Fürstenfeldbruck – Ihr habt den Rave vergessen, wird vielleicht so mancher Gast den Veranstaltern zurufen. Aber in der Flut der Tages-Festivals mit elektronischer Musik schaffen die Brucker es dennoch herauszustechen. Denn beim Open Air der Subkultur gibt es zwei Tage lang erdigen Gitarren-Sound für die Besucher.

Am Freitag wird zum Beispiel „bird berlin“ von den Besuchern gefeiert. Der Berliner Singer-Songwriter hat sich mittlerweile schon eine kleine Fan-Gemeinde in Fürstenfeldbruck aufgebaut, da er schon öfter hier gespielt hat. Er verbreitet Liebe und Glitzer am Freitagabend.

Am Samstagabend entern dann die Headliner von „Mainfelt“ die Bühne, und dazu muss man dem Booking-Verantwortlichen Max Spieler von der Subkultur wirklich gratulieren. Die Folk-Rocker mit Banjo im Gepäck entpuppen sich als Glücksgriff in puncto zupackende Songs und eingängige Melodien.

Von den Bands, die am Schlachthof gastieren, gibt es auch das größte Lob, über das sich Subkultur-Vorsitzende Aline Pronnet freuen kann: Hier kommen die Musiker nicht nur zum Abspielen ihres Gigs, sondern lassen sich auf dem Festival mitnehmen und kommen schon früher, um hier etwas Zeit zu genießen.

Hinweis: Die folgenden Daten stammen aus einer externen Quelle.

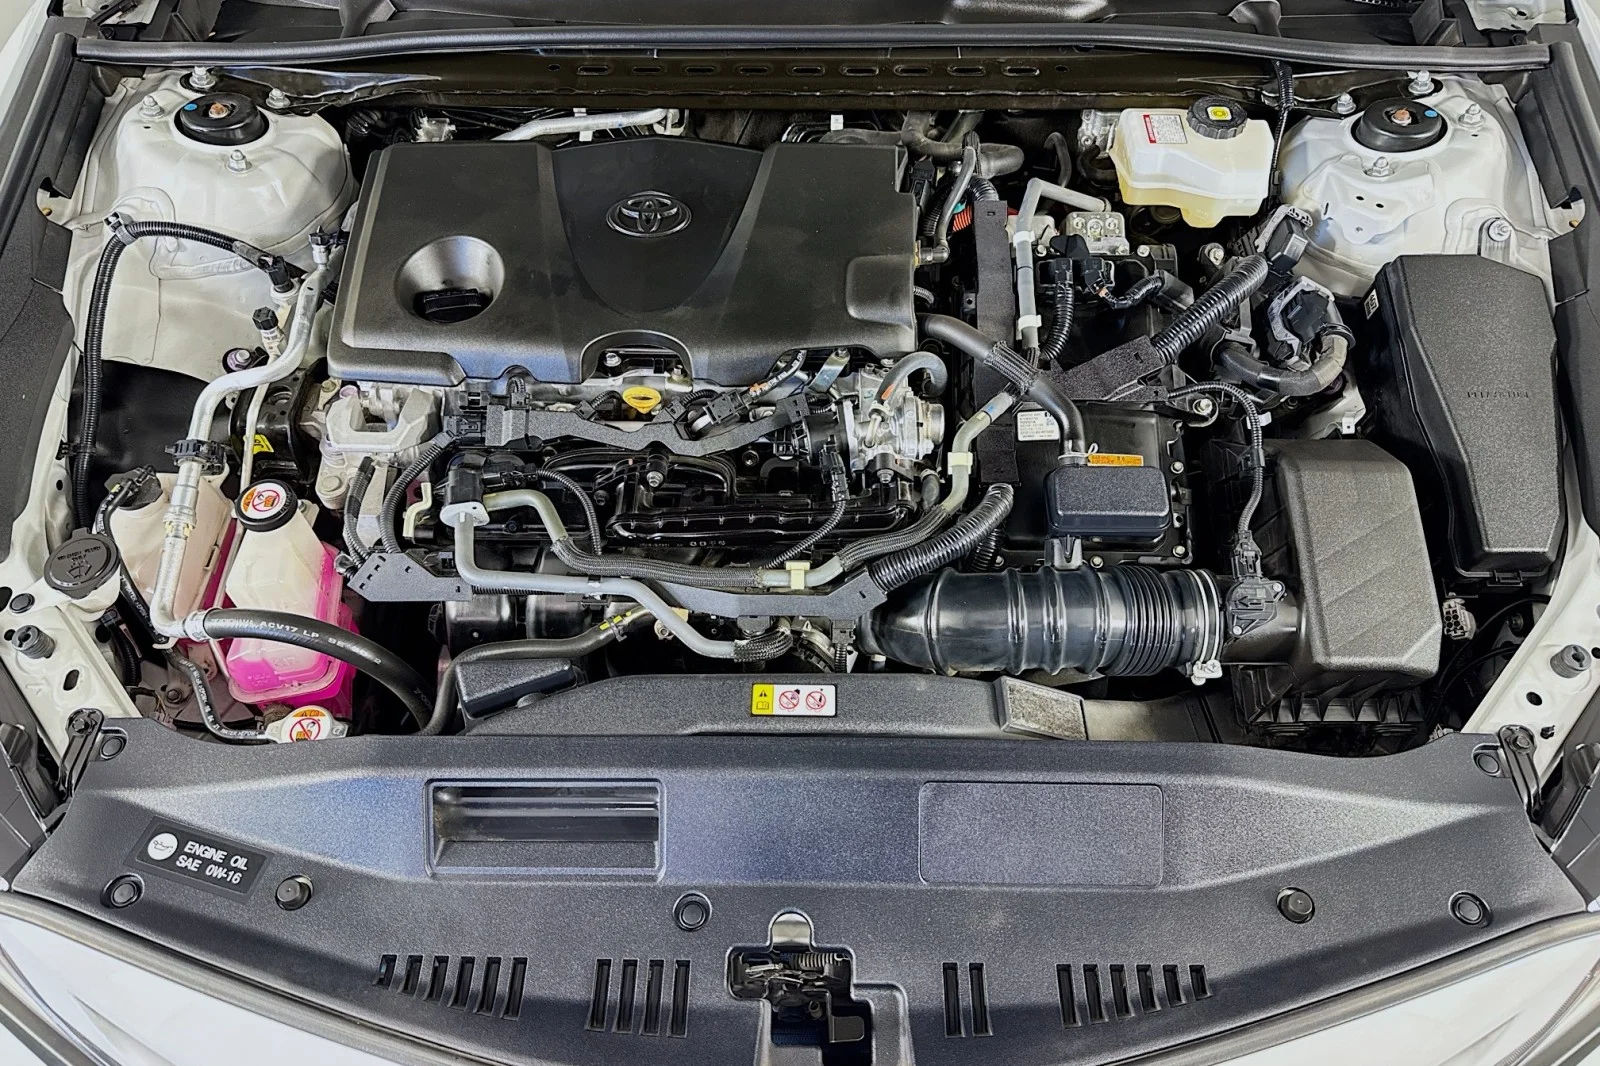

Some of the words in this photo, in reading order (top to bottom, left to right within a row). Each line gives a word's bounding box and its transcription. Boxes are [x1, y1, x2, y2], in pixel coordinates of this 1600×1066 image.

Die Besucher sehen es genauso. Viele kommen schon seit einigen Jahren und regelmäßig her. Für Volker Racho (27) und Miriam Wolf (25) ist der Schlachthof auch im Frühling und Herbst ihre Adresse für das Feiern. Die beiden Brucker und ihr Freundeskreis kommen deswegen auch an beiden Tagen in den Schlachthof. „Wenn man schon so etwas vor der Haustür hat, dann sollte man es auch unterstützen“, sagt der Unternehmensberater Volker Racho.

Für die Anwesenden natürlich die halbe Miete ist das staubtrockene Wetter an beiden Festivaltagen. Ein „Sauglück“ hatten die Veranstalter mit dem Wetter, sagt Aline Pronnet. Am Donnerstag hatten die Ehrenamtlichen noch im strömenden Regen aufgebaut und wurden klatschnass – eine „Höchstleistung“ der Helfer, wie Pronnet sagt –, doch rechtzeitig zum Wochenende schlug das Wetter ins Trockene um.

Für die zwei Tage hat man an der 1000er-Marke der Besucherzahl gekratzt, sagen die Verantwortlichen. Am Freitag- sowie am Samstagabend ist das Gelände komplett gefüllt. Nach den Konzerten geht es noch im Innenraum des Schlachthofes weiter. Einziger Minuspunkt: Schon am frühen Samstagabend versiegen die Quellen an der Pfeffi-Schnapsbar.